Tanto en The Pervert’s Guide to Cinema como en el libro Lacrimae Rerum (2006) Zizek reflexiona sobre el trabajo de directores como Hitchcock, Tarkovski, Lynch y Kieslowski. En ellos Zizek explora, entre otros temas, los conflictos entre el espacio Simbólico y lo Real, que se articulan en la relación entre la realidad y la fantasía: en Vértigo (1958) detecta cómo la realización de la fantasía de Scottie, de transformar a Judy en Madelaine, consiste en un proceso de mortificación y finalmente, se transforma en una pesadilla (Judy se convierte en una mujer muerta). En las películas del Lynch, especialmente en Carretera perdida (1997) la realidad y la fantasía aparecen mezcladas, de ahí su inquietante y a veces incomprensible narrativa. En Solaris (1973) Tarkovski escenifica un planeta en que los deseos se transforman en realidad incluso antes de volverse conscientes. El resultado de esta fantasía realizada es un Real traumático, en definitiva, una pesadilla que socava el orden de lo Simbólico. En Bleu (1993) la fantasía funciona como una distancia que permite afrontar la realidad (el vidrio que se antepone a la cámara funcionaría aquí como una fantasía reconstruida). La importancia del cine para Zizek radica en que a través de estos juegos entre realidad y fantasía es posible ver cómo lo Real – en forma de goce, alteridad, violencia, etc.– fisura las jerarquías del orden de lo Simbólico y revela cómo éste es una construcción social e ideológica. 

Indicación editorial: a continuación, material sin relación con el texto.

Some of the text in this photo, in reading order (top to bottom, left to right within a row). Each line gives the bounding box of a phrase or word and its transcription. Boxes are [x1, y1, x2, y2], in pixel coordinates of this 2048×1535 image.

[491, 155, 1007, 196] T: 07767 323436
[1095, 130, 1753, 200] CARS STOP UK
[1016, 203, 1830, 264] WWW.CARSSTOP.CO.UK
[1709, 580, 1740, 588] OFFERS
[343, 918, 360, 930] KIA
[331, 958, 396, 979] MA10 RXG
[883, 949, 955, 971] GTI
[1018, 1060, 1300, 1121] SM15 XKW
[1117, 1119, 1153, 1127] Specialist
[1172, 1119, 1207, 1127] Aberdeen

Estos cineastas tienen en común, además, cierta autonomía de la forma cinemática, que funcionaría no sólo como aquello que articula el mensaje, sino que como el mensaje en sí mismo. De esa manera, encontramos en Hitchcock un conjunto de motivos visuales que se repiten y que son, según Zizek, más fundamentales que la narrativa, por ejemplo, el motivo de la mano que sujeta a otra (en Intriga internacional La ventana indiscreta, Vértigo , Atrapar a un ladrón , etc.), el motivo de la mujer que sabe demasiado, pero que es sexualmente poco atractiva, el cráneo momificado, la casa gótica, la espiral (esta última, especialmente en Vértigo : el rizo de Carlota/Madeleine, la escalera de la torre, la escena del abrazo de Judy/Scottie en 360º en la habitación del hotel y la misión, donde pasado y presente se unen). 

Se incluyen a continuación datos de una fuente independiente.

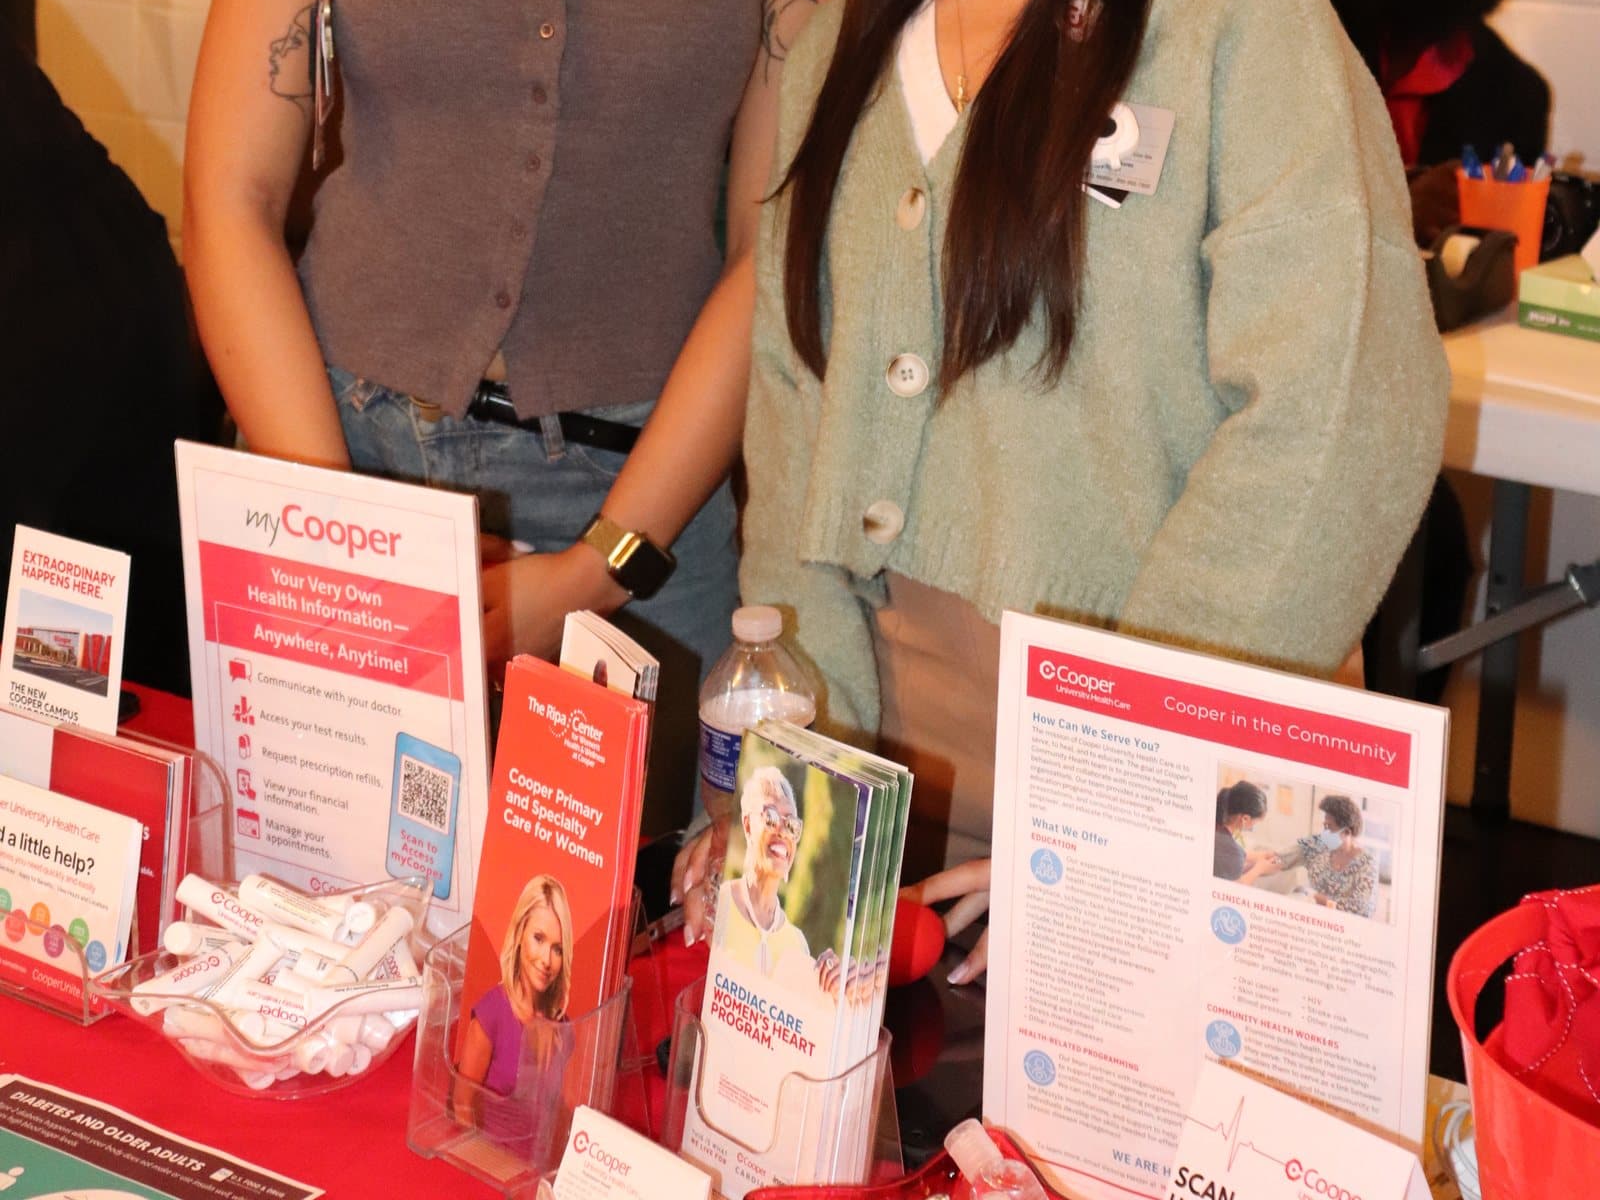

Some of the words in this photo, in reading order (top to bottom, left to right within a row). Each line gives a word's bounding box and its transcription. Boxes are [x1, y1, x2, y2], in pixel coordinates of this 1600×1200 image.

[246, 504, 402, 559] myCooper
[22, 566, 70, 590] HAPPENS
[72, 578, 104, 600] HERE.
[23, 550, 116, 588] EXTRAORDINARY
[271, 568, 304, 592] Your
[308, 575, 342, 602] Very
[346, 583, 382, 607] Own
[248, 585, 297, 611] Health
[254, 624, 334, 660] Anywhere,
[337, 645, 408, 675] Anytime!
[11, 682, 26, 695] THE
[27, 686, 47, 700] NEW
[257, 671, 321, 697] Communicate
[323, 688, 344, 703] with
[347, 695, 368, 712] your
[1055, 684, 1089, 700] University
[1091, 693, 1112, 706] Health
[1114, 699, 1131, 711] Care
[1056, 664, 1115, 697] Cooper
[10, 692, 42, 710] COOPER
[44, 701, 78, 721] CAMPUS
[259, 709, 288, 726] Access
[290, 718, 311, 734] your
[314, 723, 332, 737] test
[528, 696, 545, 715] The
[546, 703, 566, 727] Ripa
[572, 716, 603, 742] Center
[1032, 711, 1055, 726] How
[1058, 718, 1078, 731] Can
[1081, 724, 1097, 737] We
[1100, 728, 1130, 745] Serve
[1134, 737, 1159, 753] You?
[1163, 694, 1225, 725] Cooper
[1231, 710, 1246, 728] in
[1252, 715, 1282, 736] the
[1287, 723, 1396, 766] Community
[261, 746, 296, 766] Request
[299, 757, 353, 782] prescription
[263, 777, 285, 792] View
[287, 786, 307, 801] your
[309, 789, 348, 810] financial
[508, 767, 554, 800] Cooper
[556, 788, 603, 826] Primary
[10, 800, 52, 828] University
[52, 818, 80, 835] Health
[81, 827, 100, 844] Care
[265, 817, 302, 839] Manage
[303, 830, 324, 846] your
[506, 790, 528, 810] and
[531, 800, 587, 841] Specialty
[1031, 816, 1058, 832] What
[1062, 824, 1077, 838] We
[1081, 830, 1108, 847] Offer
[8, 832, 16, 847] a
[19, 834, 50, 860] little
[54, 847, 94, 876] help?
[400, 828, 424, 848] Scan
[426, 842, 438, 854] to
[401, 842, 434, 865] Access
[503, 808, 531, 833] Care
[534, 824, 552, 843] for
[555, 830, 604, 868] Women
[1031, 832, 1076, 851] EDUCATION
[224, 898, 263, 928] Coope
[1211, 891, 1250, 908] CLINICAL
[1253, 902, 1286, 918] HEALTH
[1289, 912, 1344, 933] SCREENINGS
[257, 1004, 307, 1027] Cooper
[714, 986, 769, 1030] WOMEN'S
[772, 1022, 815, 1057] HEART
[715, 972, 766, 1014] CARDIAC
[770, 1006, 804, 1034] CARE
[710, 1002, 774, 1051] PROGRAM.
[1207, 1004, 1257, 1025] COMMUNITY
[1260, 1020, 1293, 1036] HEALTH
[1295, 1030, 1338, 1049] WORKERS
[1018, 1027, 1081, 1053] HEALTH-RELATED
[1083, 1047, 1138, 1072] PROGRAMMING
[10, 1091, 74, 1118] DIABETES
[69, 1107, 106, 1131] AND
[104, 1124, 150, 1152] OLDER
[148, 1143, 206, 1172] ADULTS
[589, 1142, 632, 1178] Cooper
[742, 1156, 765, 1177] Cooper
[1112, 1148, 1130, 1165] WE
[1135, 1156, 1158, 1174] ARE

En definitiva, Zizek remece el campo de la teoría cinematográfica al mismo tiempo que la libera de su reclusión al ámbito de la mera ficción. Desde su punto de vista, la verdad debe encontrarse en las apariencias, de allí que el estudio del cine en la época contemporánea sea de una importancia radical. En sus acercamientos Zizek demuestra de manera explícita su inclinación por el cine, algo así como su primer amor: “Lo primero que he de decir es que la filosofía no fue mi primera opción. Según una vieja tesis de Claude Lévi-Strauss, todo filósofo, todo teórico, tuvo otra profesión en la que fracasó, y ese fracaso marcó todo su ser. En el caso de Lévi-Strauss, su primera opción fue convertirse en músico. En el mío, como se puede ver claramente en mis escritos, fue el cine. Empecé cuando ya tenía trece o catorce años; incluso todavía recuerdo las películas que me fascinaron absolutamente cuando era joven. Creo que dos dejaron una marca en mí: Psicosis de Hitchcock y El año pasado en Marienbad de Alain Resnais. Vi cada una por lo menos quince veces. De hecho, me interesaba tanto la teoría del cine como su práctica, ya que también tenía una cámara súper-8. Así que la decisión originaria no fue la de convertirme en filósofo; la filosofía fue una opción secundaria, la segunda en la lista.”(Daly, Glyn. Slavoj Zizek. Arriesgar lo imposible. Conversaciones con Glyn Daly . Madrid: Trotta, 2006, p. 29)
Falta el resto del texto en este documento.